This chart also contributes to the broader comparison of MTA safety versus overall city safety. If incidents were a primary cause of increased subway crime, we would expect a much tighter relationship. Instead, the weak correlation suggests that subway reliability issues and crime risk are only loosely connected, reinforcing the need to examine additional factors such as borough-level patterns, ridership volume, and street-level crime trends. These findings motivate the next stages of analysis, including geographic mapping of shootings and comparison with citywide motor vehicle accident data to evaluate whether driving represents a safer alternative to public transit.

Subway Shootings Map

Code
# ----------------------------------------------------------
# SHOOTINGS & STATIONS AS sf
# ----------------------------------------------------------
shoot_sf <- shoot %>%
  filter(!is.na(Latitude), !is.na(Longitude)) %>%
  st_as_sf(coords = c("Longitude", "Latitude"),
           crs = 4326, remove = FALSE)

stations_sf <- mta_locations %>%
  filter(!is.na(`GTFS Latitude`), !is.na(`GTFS Longitude`)) %>%
  st_as_sf(coords = c("GTFS Longitude", "GTFS Latitude"),
           crs = 4326, remove = FALSE)

# ----------------------------------------------------------
# STATION BUFFERS & SUBWAY SHOOTINGS (within 40m)
# ----------------------------------------------------------
shoot_3857    <- st_transform(shoot_sf, 3857)
stations_3857 <- st_transform(stations_sf, 3857)
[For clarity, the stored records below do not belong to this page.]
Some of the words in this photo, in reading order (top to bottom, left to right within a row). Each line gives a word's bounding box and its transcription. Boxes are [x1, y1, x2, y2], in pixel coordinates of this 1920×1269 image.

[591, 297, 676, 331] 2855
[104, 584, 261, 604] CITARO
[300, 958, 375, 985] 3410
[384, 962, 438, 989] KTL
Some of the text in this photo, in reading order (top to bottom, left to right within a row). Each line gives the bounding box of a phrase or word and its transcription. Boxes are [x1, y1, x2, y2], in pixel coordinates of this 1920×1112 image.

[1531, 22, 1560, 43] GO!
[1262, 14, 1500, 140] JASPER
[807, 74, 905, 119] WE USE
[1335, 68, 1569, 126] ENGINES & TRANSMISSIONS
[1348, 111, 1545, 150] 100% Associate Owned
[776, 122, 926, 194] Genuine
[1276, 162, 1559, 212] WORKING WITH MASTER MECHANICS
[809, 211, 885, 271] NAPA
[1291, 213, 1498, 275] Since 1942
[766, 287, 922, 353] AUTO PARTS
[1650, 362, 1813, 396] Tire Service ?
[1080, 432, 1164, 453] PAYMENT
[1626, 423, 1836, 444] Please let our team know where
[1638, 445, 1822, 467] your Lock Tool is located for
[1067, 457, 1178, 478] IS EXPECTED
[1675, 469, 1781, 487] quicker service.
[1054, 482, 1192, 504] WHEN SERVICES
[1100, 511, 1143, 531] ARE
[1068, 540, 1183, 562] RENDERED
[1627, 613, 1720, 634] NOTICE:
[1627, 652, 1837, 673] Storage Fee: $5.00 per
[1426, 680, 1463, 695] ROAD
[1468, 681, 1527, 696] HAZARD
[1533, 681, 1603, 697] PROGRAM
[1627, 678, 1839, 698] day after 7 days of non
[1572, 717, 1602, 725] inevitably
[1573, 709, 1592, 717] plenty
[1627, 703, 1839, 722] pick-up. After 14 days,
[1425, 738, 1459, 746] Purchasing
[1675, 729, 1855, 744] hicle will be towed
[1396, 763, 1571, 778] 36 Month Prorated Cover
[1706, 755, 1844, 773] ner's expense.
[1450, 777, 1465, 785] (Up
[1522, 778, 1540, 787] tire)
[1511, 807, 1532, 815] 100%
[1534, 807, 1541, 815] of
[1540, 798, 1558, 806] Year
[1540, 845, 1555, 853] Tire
stations_buf <- st_buffer(stations_3857, dist = 40)

shootings_subway_sf <- st_join(
  shoot_3857,
  stations_buf,
  join = st_within,
  left  = FALSE
)

# counts per station for subway shootings
shoot_counts <- shootings_subway_sf %>%
  st_drop_geometry() %>%
  group_by(`Stop Name`, Line, `Daytime Routes`, Borough) %>%
  summarise(shooting_count = n(), .groups = "drop")
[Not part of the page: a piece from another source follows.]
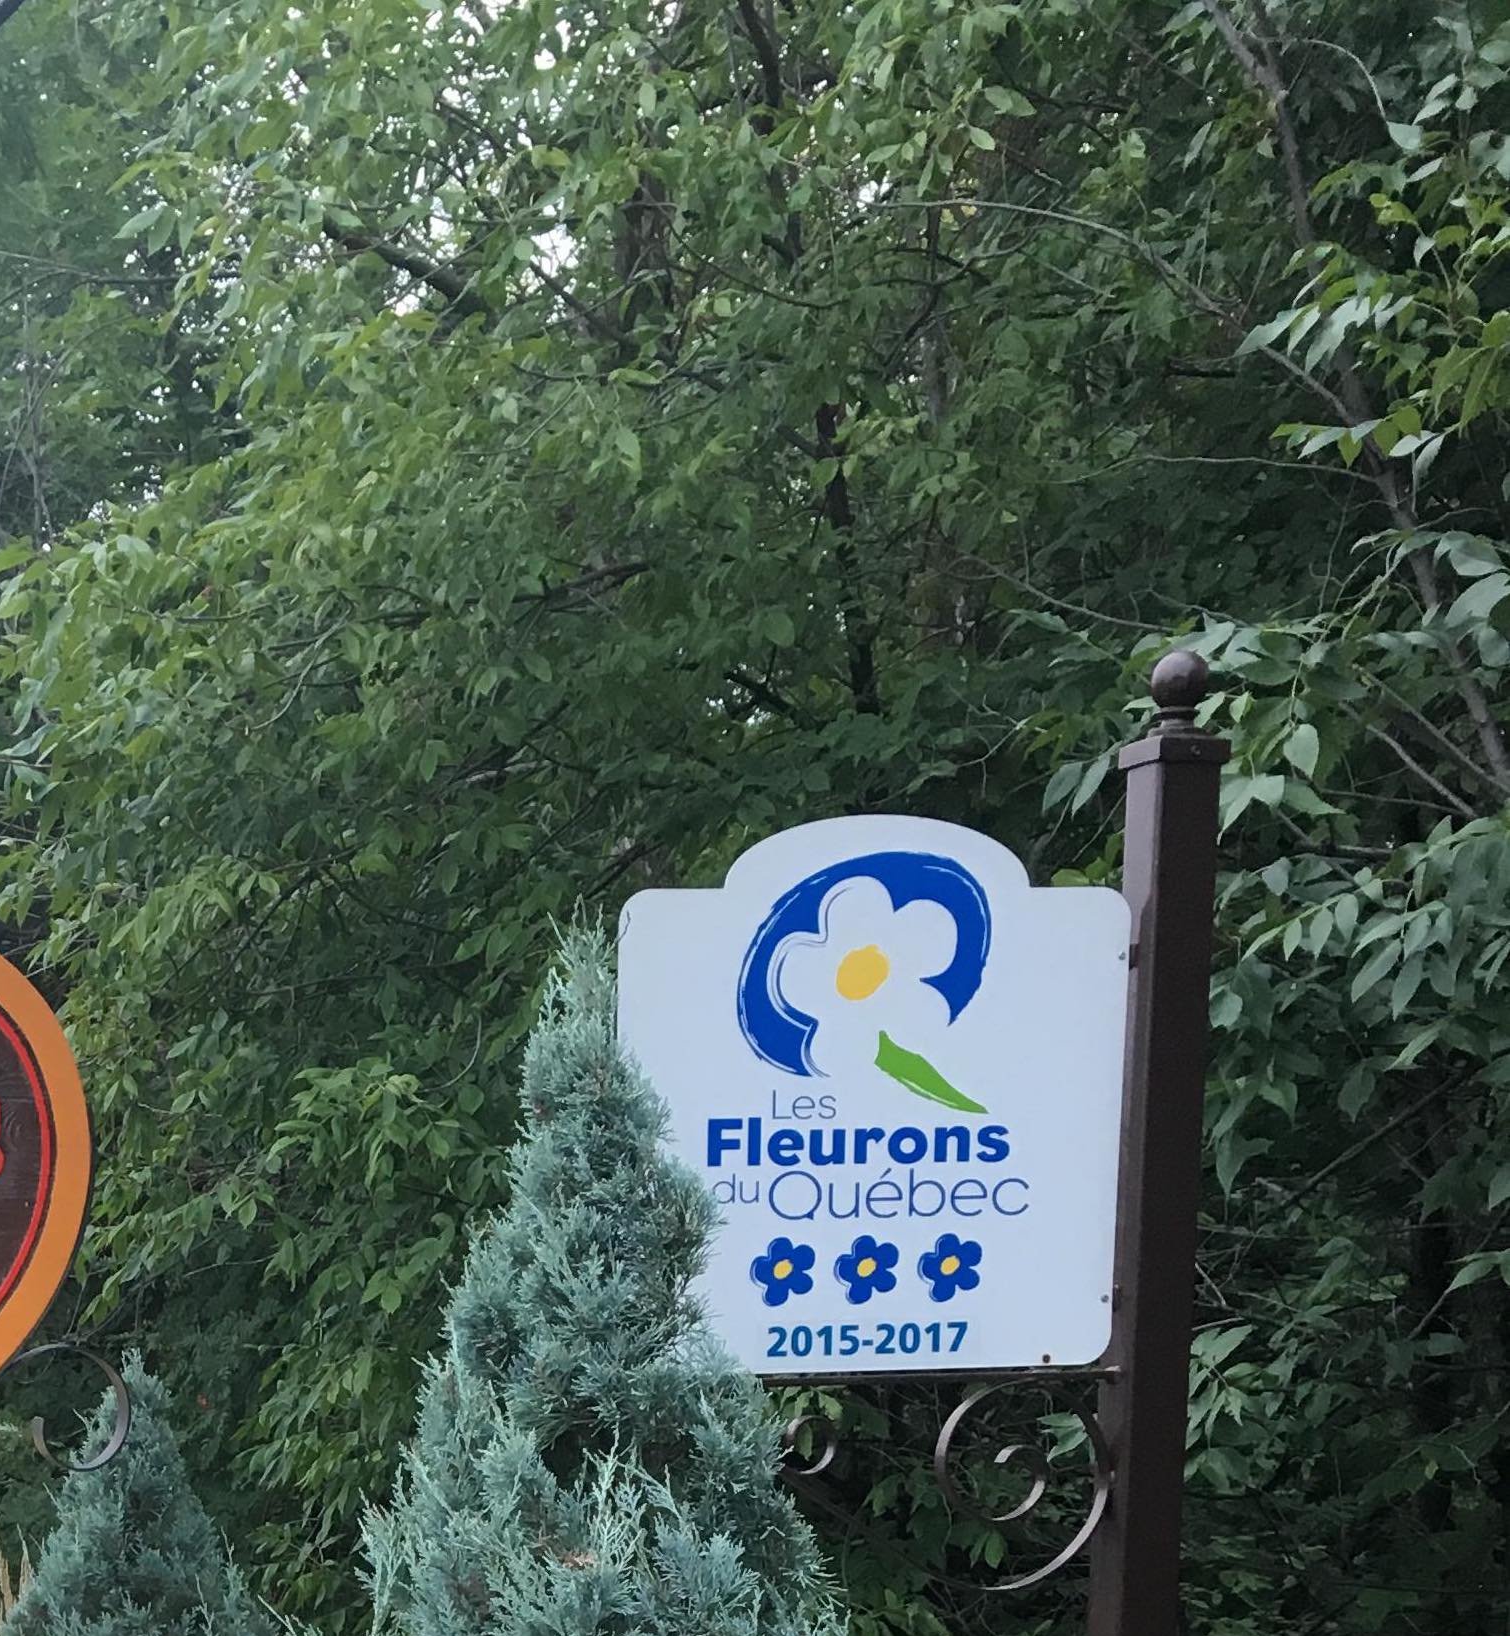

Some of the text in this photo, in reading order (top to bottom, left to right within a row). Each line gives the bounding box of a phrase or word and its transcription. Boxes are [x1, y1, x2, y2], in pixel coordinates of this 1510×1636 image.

[771, 1089, 837, 1120] Les
[706, 1117, 1011, 1168] Fleurons
[712, 1168, 1031, 1221] du Québec
[766, 1321, 969, 1358] 2015-2017
stations_with_counts <- stations_sf %>%
  left_join(
    shoot_counts,
    by = c("Stop Name", "Line", "Daytime Routes", "Borough")
  ) %>%
  mutate(
    shooting_count = ifelse(is.na(shooting_count), 0L, shooting_count)
  )

# ----------------------------------------------------------
# STREET SHOOTINGS (NOT NEAR SUBWAYS)
# ----------------------------------------------------------
street_shoot_sf <- shoot_sf %>%
  filter(!(INCIDENT_KEY %in% shootings_subway_sf$INCIDENT_KEY))

boro_stats <- street_shoot_sf %>%
  st_drop_geometry() %>%
  count(BORO, name = "street_shootings")

# map BORO names to county names
boro_map <- c(
  "BRONX"         = "Bronx",
  "BROOKLYN"      = "Kings",
  "MANHATTAN"     = "New York",
  "QUEENS"        = "Queens",
  "STATEN ISLAND" = "Richmond"
)

boro_stats <- boro_stats %>%
  mutate(COUNTY_NAME = recode(BORO, !!!boro_map))
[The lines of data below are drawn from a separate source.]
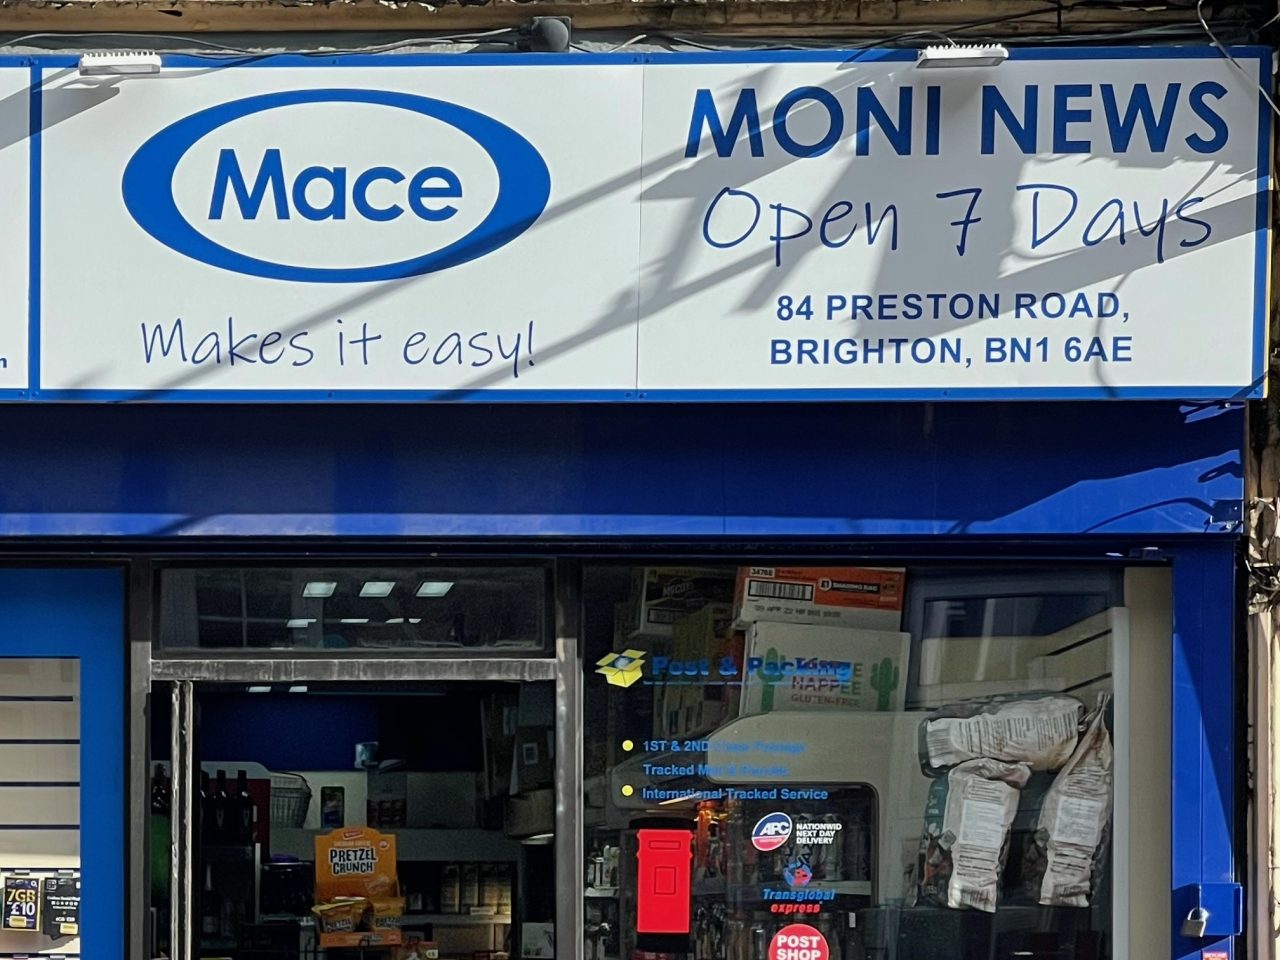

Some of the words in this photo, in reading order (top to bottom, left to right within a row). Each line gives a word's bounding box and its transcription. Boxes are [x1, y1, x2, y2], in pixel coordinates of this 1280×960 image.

[684, 85, 941, 159] MONI
[980, 81, 1229, 156] NEWS
[208, 148, 463, 222] Mace
[702, 186, 899, 268] Open
[936, 187, 983, 257] 7
[1016, 183, 1212, 264] Days
[776, 295, 813, 320] 84
[826, 294, 1000, 321] PRESTON
[1015, 292, 1129, 323] ROAD,
[141, 316, 314, 367] Makes
[338, 320, 382, 366] it
[403, 320, 535, 378] easy!
[770, 338, 972, 368] BRIGHTON,
[985, 337, 1049, 363] BN1
[1064, 336, 1133, 362] 6AE
[652, 656, 709, 676] Post
[719, 656, 738, 676] &
[643, 740, 667, 752] 1ST
[670, 740, 681, 752] &
[684, 740, 708, 752] 2ND
[643, 764, 694, 776] Tracked
[643, 788, 722, 800] International
[726, 788, 777, 800] Tracked
[780, 788, 828, 800] Service
[760, 822, 790, 835] APC
[330, 848, 377, 863] PRETZEL
[333, 862, 373, 874] CRUNCH
[8, 889, 36, 902] 7GB
[763, 889, 836, 902] Transglobal
[10, 902, 36, 916] £10
[771, 903, 820, 915] express
[777, 935, 821, 948] POST
# ----------------------------------------------------------
# NYC BOROUGHS + JOIN STREET SHOOTING COUNTS
# ----------------------------------------------------------
ny_boroughs <- counties(state = "NY", cb = TRUE, class = "sf") %>%
  filter(NAME %in% c("New York", "Kings", "Bronx", "Queens", "Richmond"))

ny_boroughs_shoot <- ny_boroughs %>%
  left_join(boro_stats, by = c("NAME" = "COUNTY_NAME")) %>%
  # NEW: if a borough has no street shootings, set to 0 (e.g. Staten Island)
  mutate(street_shootings = ifelse(is.na(street_shootings), 0L, street_shootings))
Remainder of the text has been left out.